[Aim of the task] Word for word, retype each record shown below.
+++
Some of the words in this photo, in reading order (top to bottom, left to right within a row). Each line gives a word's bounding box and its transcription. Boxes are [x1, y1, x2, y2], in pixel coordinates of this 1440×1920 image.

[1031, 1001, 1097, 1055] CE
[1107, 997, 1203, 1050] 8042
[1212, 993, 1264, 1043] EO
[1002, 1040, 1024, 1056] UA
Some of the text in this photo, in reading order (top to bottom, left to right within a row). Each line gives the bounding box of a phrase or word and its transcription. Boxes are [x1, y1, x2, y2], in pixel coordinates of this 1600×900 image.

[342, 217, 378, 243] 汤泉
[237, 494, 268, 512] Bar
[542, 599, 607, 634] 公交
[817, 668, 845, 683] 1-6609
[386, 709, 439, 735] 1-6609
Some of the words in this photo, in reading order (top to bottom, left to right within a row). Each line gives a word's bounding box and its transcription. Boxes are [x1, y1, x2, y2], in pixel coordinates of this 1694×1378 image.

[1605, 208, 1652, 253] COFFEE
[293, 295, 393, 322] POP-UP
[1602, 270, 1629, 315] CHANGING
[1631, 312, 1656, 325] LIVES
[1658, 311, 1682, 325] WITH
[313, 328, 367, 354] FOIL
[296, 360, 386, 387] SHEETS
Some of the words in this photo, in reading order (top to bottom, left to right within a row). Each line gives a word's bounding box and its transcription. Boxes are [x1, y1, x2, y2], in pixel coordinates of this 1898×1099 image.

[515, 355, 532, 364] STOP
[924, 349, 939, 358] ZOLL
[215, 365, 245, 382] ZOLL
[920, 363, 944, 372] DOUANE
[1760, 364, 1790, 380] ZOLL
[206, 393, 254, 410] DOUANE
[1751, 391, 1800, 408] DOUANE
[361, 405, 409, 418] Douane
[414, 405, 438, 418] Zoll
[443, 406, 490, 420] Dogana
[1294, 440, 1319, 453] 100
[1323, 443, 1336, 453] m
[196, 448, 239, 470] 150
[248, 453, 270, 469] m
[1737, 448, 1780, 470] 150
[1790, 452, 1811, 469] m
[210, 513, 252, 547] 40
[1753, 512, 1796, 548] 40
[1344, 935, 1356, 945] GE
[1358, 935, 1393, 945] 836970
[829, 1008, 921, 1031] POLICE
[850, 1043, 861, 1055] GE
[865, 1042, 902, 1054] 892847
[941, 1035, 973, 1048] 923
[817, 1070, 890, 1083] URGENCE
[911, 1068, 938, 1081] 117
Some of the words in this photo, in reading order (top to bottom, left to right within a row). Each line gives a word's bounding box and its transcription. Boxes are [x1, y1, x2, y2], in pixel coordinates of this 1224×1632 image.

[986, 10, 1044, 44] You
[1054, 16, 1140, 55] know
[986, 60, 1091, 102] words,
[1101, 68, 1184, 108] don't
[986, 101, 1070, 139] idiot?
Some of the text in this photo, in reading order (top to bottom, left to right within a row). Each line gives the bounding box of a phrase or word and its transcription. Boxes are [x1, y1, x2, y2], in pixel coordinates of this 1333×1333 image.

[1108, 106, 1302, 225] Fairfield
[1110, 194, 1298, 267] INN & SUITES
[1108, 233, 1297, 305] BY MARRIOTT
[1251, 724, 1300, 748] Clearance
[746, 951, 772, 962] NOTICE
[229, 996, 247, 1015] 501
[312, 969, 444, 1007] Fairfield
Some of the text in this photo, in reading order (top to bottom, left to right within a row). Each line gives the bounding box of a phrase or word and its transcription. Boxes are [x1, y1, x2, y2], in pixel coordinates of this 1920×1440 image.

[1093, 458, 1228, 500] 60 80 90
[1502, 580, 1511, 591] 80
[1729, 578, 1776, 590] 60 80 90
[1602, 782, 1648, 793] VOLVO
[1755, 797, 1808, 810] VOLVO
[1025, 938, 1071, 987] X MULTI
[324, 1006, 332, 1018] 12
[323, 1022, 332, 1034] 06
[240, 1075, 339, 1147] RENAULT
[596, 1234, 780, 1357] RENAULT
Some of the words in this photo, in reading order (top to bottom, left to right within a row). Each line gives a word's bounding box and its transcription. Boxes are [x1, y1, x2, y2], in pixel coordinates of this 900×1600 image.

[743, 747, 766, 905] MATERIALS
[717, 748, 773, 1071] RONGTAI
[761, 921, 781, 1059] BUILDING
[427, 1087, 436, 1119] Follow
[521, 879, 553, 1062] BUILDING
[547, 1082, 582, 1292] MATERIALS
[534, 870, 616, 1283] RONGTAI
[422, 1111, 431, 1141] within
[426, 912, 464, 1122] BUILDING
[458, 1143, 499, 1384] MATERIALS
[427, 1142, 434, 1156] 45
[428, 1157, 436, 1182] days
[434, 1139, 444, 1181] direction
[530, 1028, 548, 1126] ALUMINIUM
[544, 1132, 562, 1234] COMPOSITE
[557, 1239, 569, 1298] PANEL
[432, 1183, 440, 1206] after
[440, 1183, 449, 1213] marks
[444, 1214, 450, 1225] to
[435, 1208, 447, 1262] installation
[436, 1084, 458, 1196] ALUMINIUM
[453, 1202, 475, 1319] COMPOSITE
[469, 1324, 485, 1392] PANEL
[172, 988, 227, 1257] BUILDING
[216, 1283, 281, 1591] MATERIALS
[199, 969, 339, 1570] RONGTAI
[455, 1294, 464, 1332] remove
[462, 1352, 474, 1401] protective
+++
[Result]
Some of the words in this photo, in reading order (top to bottom, left to right within a row). Each line gives a word's bounding box and its transcription. Boxes are [x1, y1, x2, y2], in pixel coordinates of this 1440×1920 image.

[1031, 1001, 1097, 1055] CE
[1107, 997, 1203, 1050] 8042
[1212, 993, 1264, 1043] EO
[1002, 1040, 1024, 1056] UA
Some of the text in this photo, in reading order (top to bottom, left to right within a row). Each line gives the bounding box of a phrase or word and its transcription. Boxes are [x1, y1, x2, y2], in pixel coordinates of this 1600×900 image.

[342, 217, 378, 243] 汤泉
[237, 494, 268, 512] Bar
[542, 599, 607, 634] 公交
[817, 668, 845, 683] 1-6609
[386, 709, 439, 735] 1-6609
Some of the words in this photo, in reading order (top to bottom, left to right within a row). Each line gives a word's bounding box and its transcription. Boxes are [x1, y1, x2, y2], in pixel coordinates of this 1694×1378 image.

[1605, 208, 1652, 253] COFFEE
[293, 295, 393, 322] POP-UP
[1602, 270, 1629, 315] CHANGING
[1631, 312, 1656, 325] LIVES
[1658, 311, 1682, 325] WITH
[313, 328, 367, 354] FOIL
[296, 360, 386, 387] SHEETS
Some of the words in this photo, in reading order (top to bottom, left to right within a row). Each line gives a word's bounding box and its transcription. Boxes are [x1, y1, x2, y2], in pixel coordinates of this 1898×1099 image.

[515, 355, 532, 364] STOP
[924, 349, 939, 358] ZOLL
[215, 365, 245, 382] ZOLL
[920, 363, 944, 372] DOUANE
[1760, 364, 1790, 380] ZOLL
[206, 393, 254, 410] DOUANE
[1751, 391, 1800, 408] DOUANE
[361, 405, 409, 418] Douane
[414, 405, 438, 418] Zoll
[443, 406, 490, 420] Dogana
[1294, 440, 1319, 453] 100
[1323, 443, 1336, 453] m
[196, 448, 239, 470] 150
[248, 453, 270, 469] m
[1737, 448, 1780, 470] 150
[1790, 452, 1811, 469] m
[210, 513, 252, 547] 40
[1753, 512, 1796, 548] 40
[1344, 935, 1356, 945] GE
[1358, 935, 1393, 945] 836970
[829, 1008, 921, 1031] POLICE
[850, 1043, 861, 1055] GE
[865, 1042, 902, 1054] 892847
[941, 1035, 973, 1048] 923
[817, 1070, 890, 1083] URGENCE
[911, 1068, 938, 1081] 117
Some of the words in this photo, in reading order (top to bottom, left to right within a row). Each line gives a word's bounding box and its transcription. Boxes are [x1, y1, x2, y2], in pixel coordinates of this 1224×1632 image.

[986, 10, 1044, 44] You
[1054, 16, 1140, 55] know
[986, 60, 1091, 102] words,
[1101, 68, 1184, 108] don't
[986, 101, 1070, 139] idiot?
Some of the text in this photo, in reading order (top to bottom, left to right within a row). Each line gives the bounding box of a phrase or word and its transcription. Boxes are [x1, y1, x2, y2], in pixel coordinates of this 1333×1333 image.

[1108, 106, 1302, 225] Fairfield
[1110, 194, 1298, 267] INN & SUITES
[1108, 233, 1297, 305] BY MARRIOTT
[1251, 724, 1300, 748] Clearance
[746, 951, 772, 962] NOTICE
[229, 996, 247, 1015] 501
[312, 969, 444, 1007] Fairfield
Some of the text in this photo, in reading order (top to bottom, left to right within a row). Each line gives the bounding box of a phrase or word and its transcription. Boxes are [x1, y1, x2, y2], in pixel coordinates of this 1920×1440 image.

[1093, 458, 1228, 500] 60 80 90
[1502, 580, 1511, 591] 80
[1729, 578, 1776, 590] 60 80 90
[1602, 782, 1648, 793] VOLVO
[1755, 797, 1808, 810] VOLVO
[1025, 938, 1071, 987] X MULTI
[324, 1006, 332, 1018] 12
[323, 1022, 332, 1034] 06
[240, 1075, 339, 1147] RENAULT
[596, 1234, 780, 1357] RENAULT
Some of the words in this photo, in reading order (top to bottom, left to right within a row). Each line gives a word's bounding box and its transcription. Boxes are [x1, y1, x2, y2], in pixel coordinates of this 900×1600 image.

[743, 747, 766, 905] MATERIALS
[717, 748, 773, 1071] RONGTAI
[761, 921, 781, 1059] BUILDING
[427, 1087, 436, 1119] Follow
[521, 879, 553, 1062] BUILDING
[547, 1082, 582, 1292] MATERIALS
[534, 870, 616, 1283] RONGTAI
[422, 1111, 431, 1141] within
[426, 912, 464, 1122] BUILDING
[458, 1143, 499, 1384] MATERIALS
[427, 1142, 434, 1156] 45
[428, 1157, 436, 1182] days
[434, 1139, 444, 1181] direction
[530, 1028, 548, 1126] ALUMINIUM
[544, 1132, 562, 1234] COMPOSITE
[557, 1239, 569, 1298] PANEL
[432, 1183, 440, 1206] after
[440, 1183, 449, 1213] marks
[444, 1214, 450, 1225] to
[435, 1208, 447, 1262] installation
[436, 1084, 458, 1196] ALUMINIUM
[453, 1202, 475, 1319] COMPOSITE
[469, 1324, 485, 1392] PANEL
[172, 988, 227, 1257] BUILDING
[216, 1283, 281, 1591] MATERIALS
[199, 969, 339, 1570] RONGTAI
[455, 1294, 464, 1332] remove
[462, 1352, 474, 1401] protective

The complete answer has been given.